*Task objective*: Repeat these records exactly, pictures excluded.
━━ Available data ━━
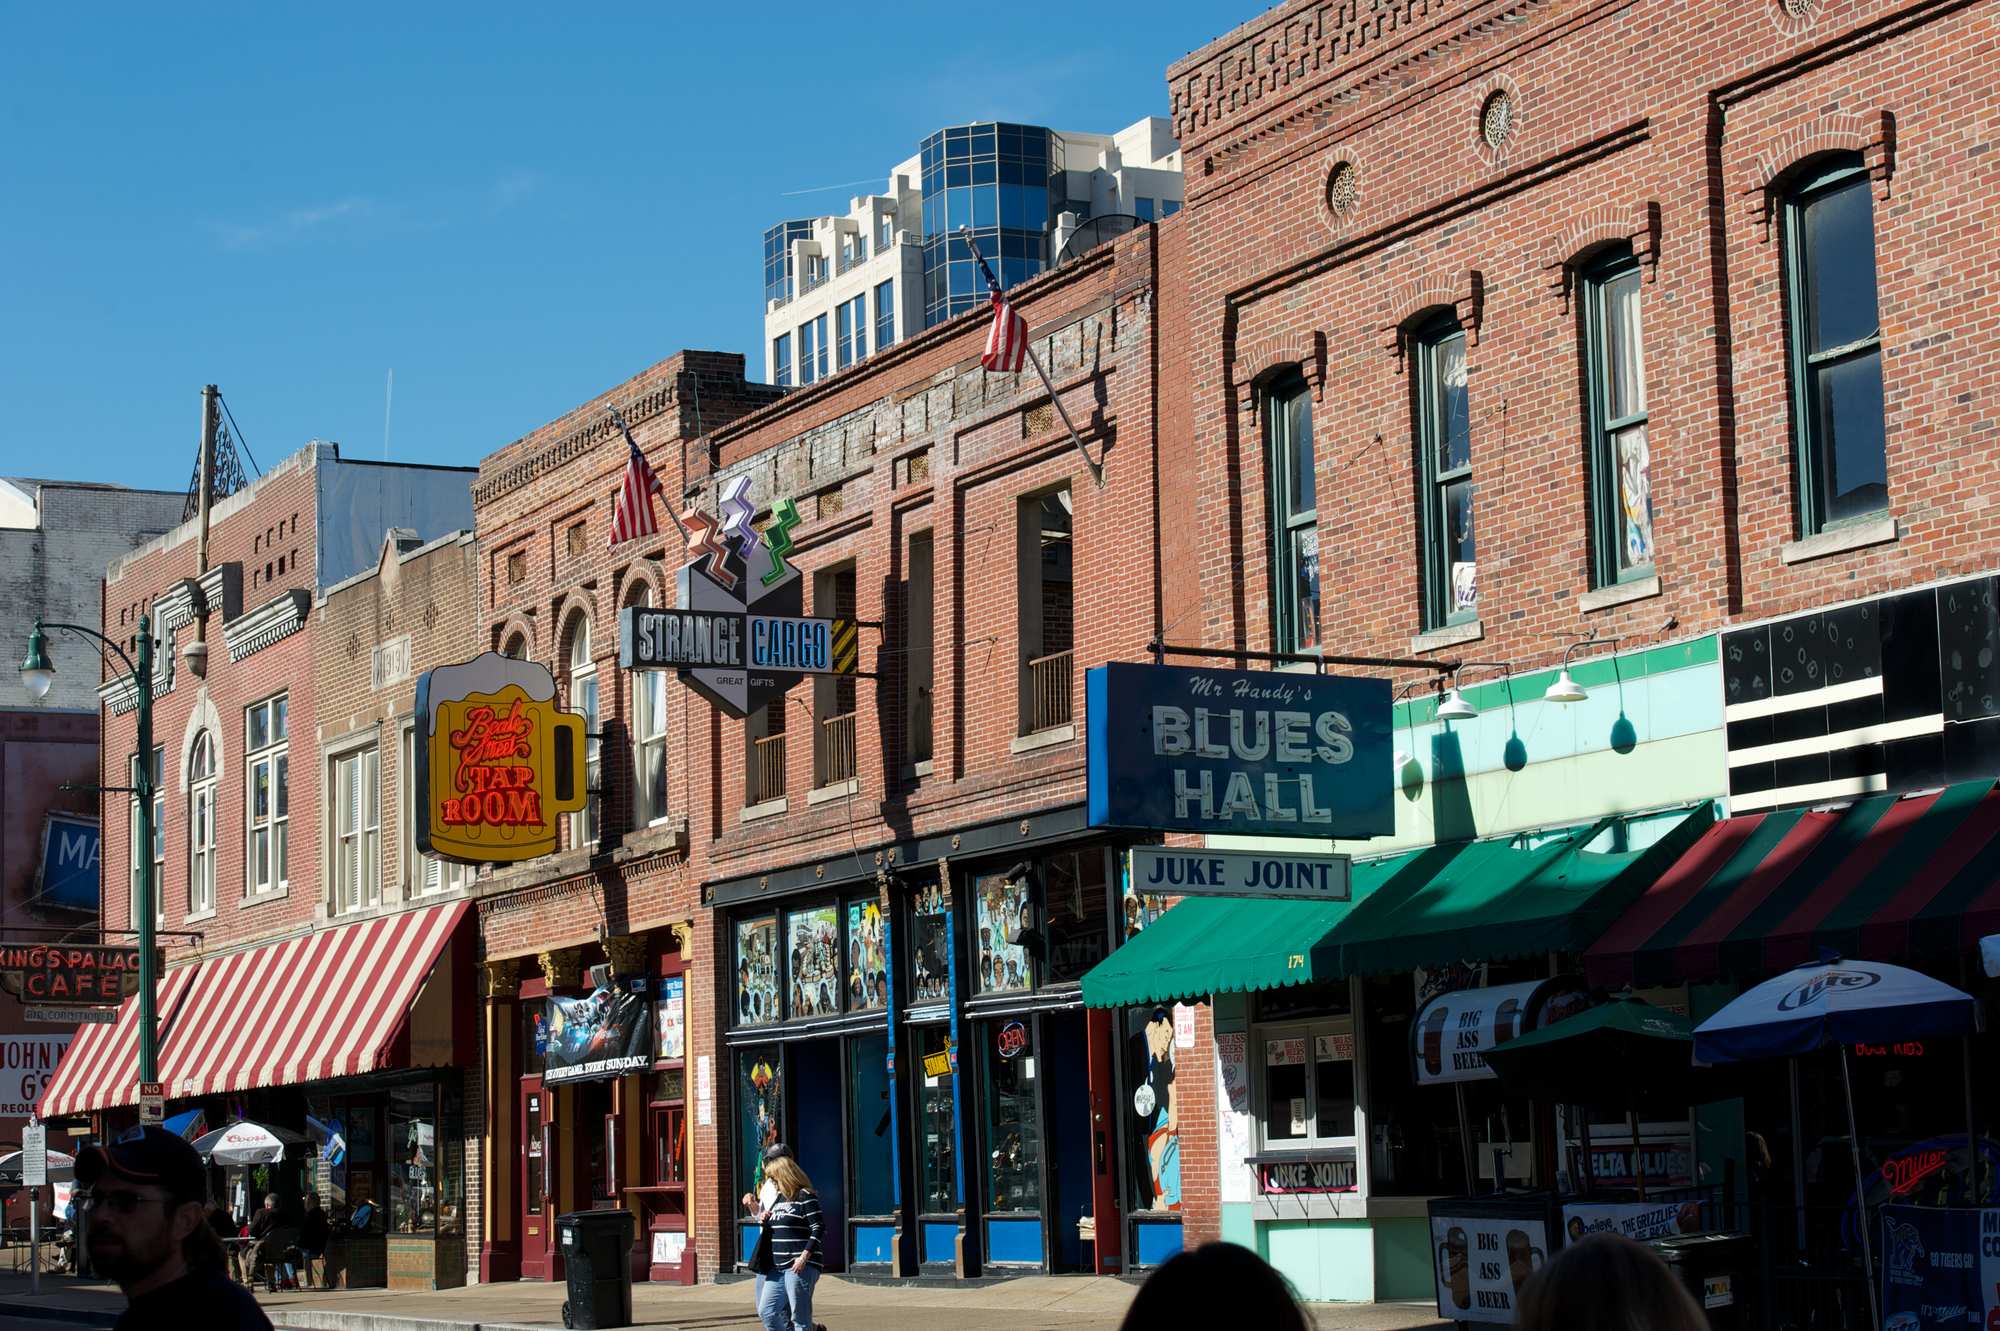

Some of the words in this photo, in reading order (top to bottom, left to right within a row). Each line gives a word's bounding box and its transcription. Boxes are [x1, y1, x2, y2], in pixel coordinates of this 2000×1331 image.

[639, 613, 740, 666] STRANGE
[752, 618, 827, 668] CARGO
[716, 676, 744, 686] GREAT
[750, 678, 775, 688] GIFTS
[1189, 675, 1222, 698] Mr
[1231, 678, 1314, 704] Handy's
[451, 698, 532, 746] Beale
[1152, 706, 1354, 765] BLUES
[456, 736, 531, 791] Street
[469, 767, 533, 789] TAP
[1173, 768, 1333, 825] HALL
[442, 790, 542, 826] ROOM
[1148, 857, 1225, 886] JUKE
[1244, 861, 1333, 890] JOINT
[1288, 954, 1304, 969] 174
[27, 973, 119, 997] CAFE
[26, 1009, 43, 1019] AIR
[47, 1010, 114, 1021] CONDITIONED
[1458, 1010, 1482, 1029] BIG
[997, 1028, 1026, 1051] OPEN
[1178, 1024, 1182, 1036] 3
[1183, 1024, 1193, 1035] AM
[1217, 1034, 1228, 1045] BIG
[1231, 1033, 1246, 1044] ASS
[1220, 1044, 1243, 1054] BEERS
[1284, 1041, 1294, 1049] BIG
[1333, 1036, 1343, 1045] BIG
[1456, 1030, 1479, 1050] ASS
[1222, 1054, 1231, 1064] TO
[1233, 1053, 1243, 1063] GO
[1286, 1048, 1305, 1056] BEERS
[584, 1061, 606, 1073] EVERY
[606, 1055, 649, 1070] SUNDAY.
[144, 1084, 160, 1094] NO
[227, 1133, 268, 1143] Coors
[1270, 1164, 1307, 1189] JUKE
[1313, 1161, 1354, 1188] JOINT
[1882, 1150, 1947, 1190] Miller
[1583, 1218, 1613, 1235] believe
[1621, 1217, 1637, 1235] THE
[1637, 1203, 1679, 1228] GRIZZLIES
[1477, 1233, 1498, 1251] BIG
[1930, 1252, 1939, 1267] GO
[1940, 1252, 1963, 1268] TIGERS
[1963, 1253, 1975, 1269] GO!
[1479, 1261, 1501, 1280] ASS
[1476, 1290, 1511, 1310] BEER
[1920, 1304, 1933, 1318] IT'S
[1933, 1304, 1968, 1323] Miller
[1968, 1310, 1981, 1323] TIME
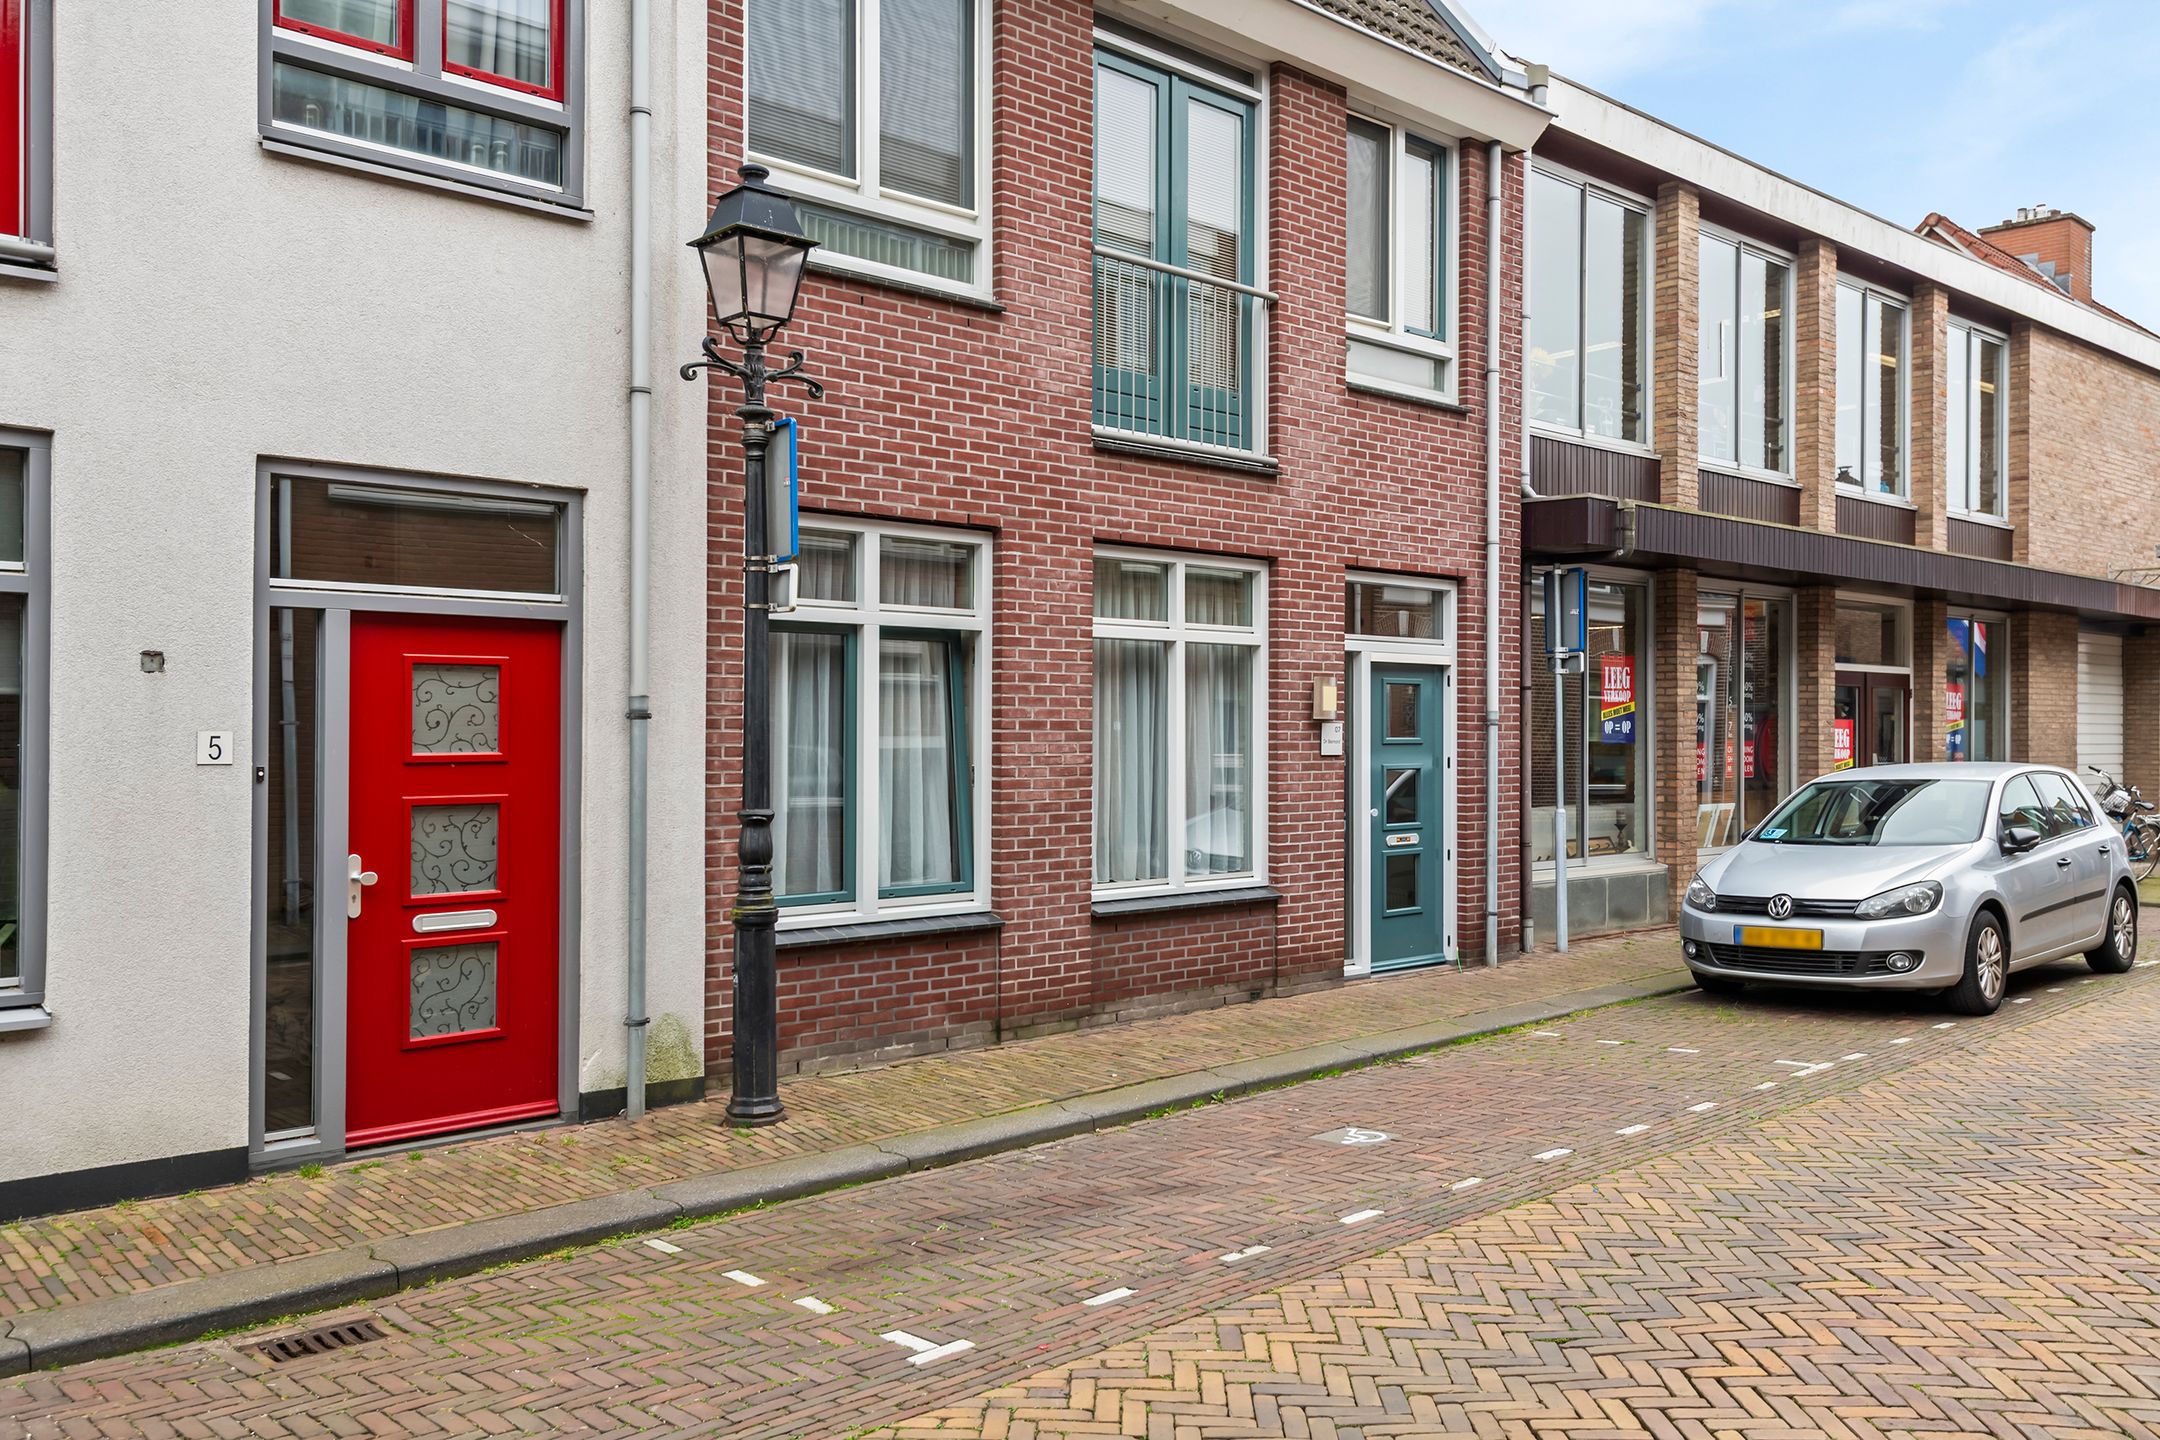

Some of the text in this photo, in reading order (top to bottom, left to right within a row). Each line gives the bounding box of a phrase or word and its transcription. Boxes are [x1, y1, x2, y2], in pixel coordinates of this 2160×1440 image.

[1604, 666, 1631, 689] LEEG
[1604, 690, 1632, 702] VERKOOP
[1604, 720, 1614, 734] OP
[1621, 720, 1632, 734] OP
[208, 735, 222, 760] 5
[1834, 728, 1850, 748] EEG
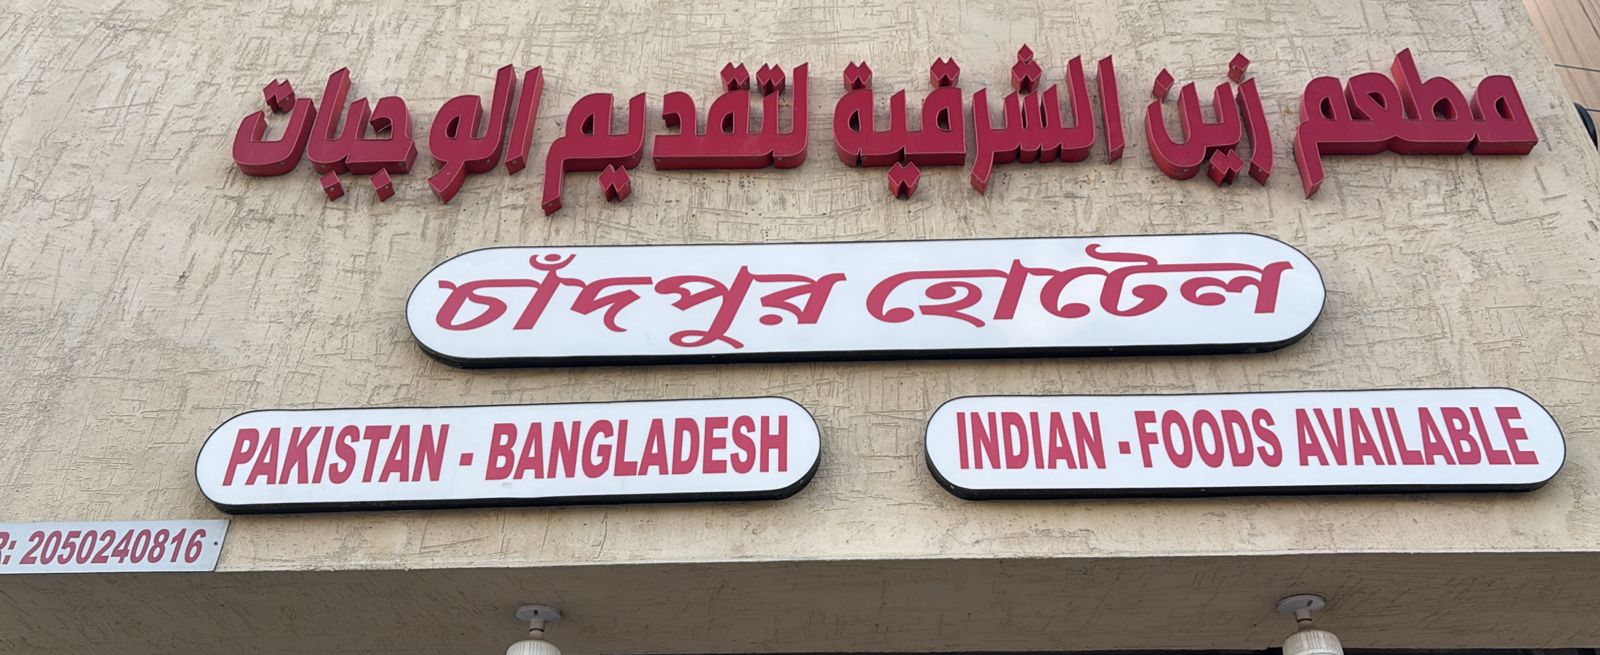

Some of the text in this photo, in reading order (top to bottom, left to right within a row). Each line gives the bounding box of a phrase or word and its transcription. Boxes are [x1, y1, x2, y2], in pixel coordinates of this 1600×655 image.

[233, 44, 1538, 215] مطعم زين الشرقية لتقديم الوجبات
[436, 243, 1293, 349] চাঁদপুর হোটেল
[223, 424, 449, 487] PAKISTAN
[485, 415, 788, 481] BANGLADESH
[956, 411, 1106, 470] INDIAN
[1296, 406, 1539, 467] AVAILABLE
[20, 528, 207, 565] 2050240816
━━━
*Result of the exercise*:
Some of the words in this photo, in reading order (top to bottom, left to right within a row). Each line gives a word's bounding box and its transcription. Boxes are [x1, y1, x2, y2], in pixel coordinates of this 2000×1331 image.

[639, 613, 740, 666] STRANGE
[752, 618, 827, 668] CARGO
[716, 676, 744, 686] GREAT
[750, 678, 775, 688] GIFTS
[1189, 675, 1222, 698] Mr
[1231, 678, 1314, 704] Handy's
[451, 698, 532, 746] Beale
[1152, 706, 1354, 765] BLUES
[456, 736, 531, 791] Street
[469, 767, 533, 789] TAP
[1173, 768, 1333, 825] HALL
[442, 790, 542, 826] ROOM
[1148, 857, 1225, 886] JUKE
[1244, 861, 1333, 890] JOINT
[1288, 954, 1304, 969] 174
[27, 973, 119, 997] CAFE
[26, 1009, 43, 1019] AIR
[47, 1010, 114, 1021] CONDITIONED
[1458, 1010, 1482, 1029] BIG
[997, 1028, 1026, 1051] OPEN
[1178, 1024, 1182, 1036] 3
[1183, 1024, 1193, 1035] AM
[1217, 1034, 1228, 1045] BIG
[1231, 1033, 1246, 1044] ASS
[1220, 1044, 1243, 1054] BEERS
[1284, 1041, 1294, 1049] BIG
[1333, 1036, 1343, 1045] BIG
[1456, 1030, 1479, 1050] ASS
[1222, 1054, 1231, 1064] TO
[1233, 1053, 1243, 1063] GO
[1286, 1048, 1305, 1056] BEERS
[584, 1061, 606, 1073] EVERY
[606, 1055, 649, 1070] SUNDAY.
[144, 1084, 160, 1094] NO
[227, 1133, 268, 1143] Coors
[1270, 1164, 1307, 1189] JUKE
[1313, 1161, 1354, 1188] JOINT
[1882, 1150, 1947, 1190] Miller
[1583, 1218, 1613, 1235] believe
[1621, 1217, 1637, 1235] THE
[1637, 1203, 1679, 1228] GRIZZLIES
[1477, 1233, 1498, 1251] BIG
[1930, 1252, 1939, 1267] GO
[1940, 1252, 1963, 1268] TIGERS
[1963, 1253, 1975, 1269] GO!
[1479, 1261, 1501, 1280] ASS
[1476, 1290, 1511, 1310] BEER
[1920, 1304, 1933, 1318] IT'S
[1933, 1304, 1968, 1323] Miller
[1968, 1310, 1981, 1323] TIME

Some of the text in this photo, in reading order (top to bottom, left to right within a row). Each line gives the bounding box of a phrase or word and its transcription. Boxes are [x1, y1, x2, y2], in pixel coordinates of this 2160×1440 image.

[1604, 666, 1631, 689] LEEG
[1604, 690, 1632, 702] VERKOOP
[1604, 720, 1614, 734] OP
[1621, 720, 1632, 734] OP
[208, 735, 222, 760] 5
[1834, 728, 1850, 748] EEG

Some of the text in this photo, in reading order (top to bottom, left to right within a row). Each line gives the bounding box of a phrase or word and its transcription. Boxes are [x1, y1, x2, y2], in pixel coordinates of this 1600×655 image.

[233, 44, 1538, 215] مطعم زين الشرقية لتقديم الوجبات
[436, 243, 1293, 349] চাঁদপুর হোটেল
[223, 424, 449, 487] PAKISTAN
[485, 415, 788, 481] BANGLADESH
[956, 411, 1106, 470] INDIAN
[1296, 406, 1539, 467] AVAILABLE
[20, 528, 207, 565] 2050240816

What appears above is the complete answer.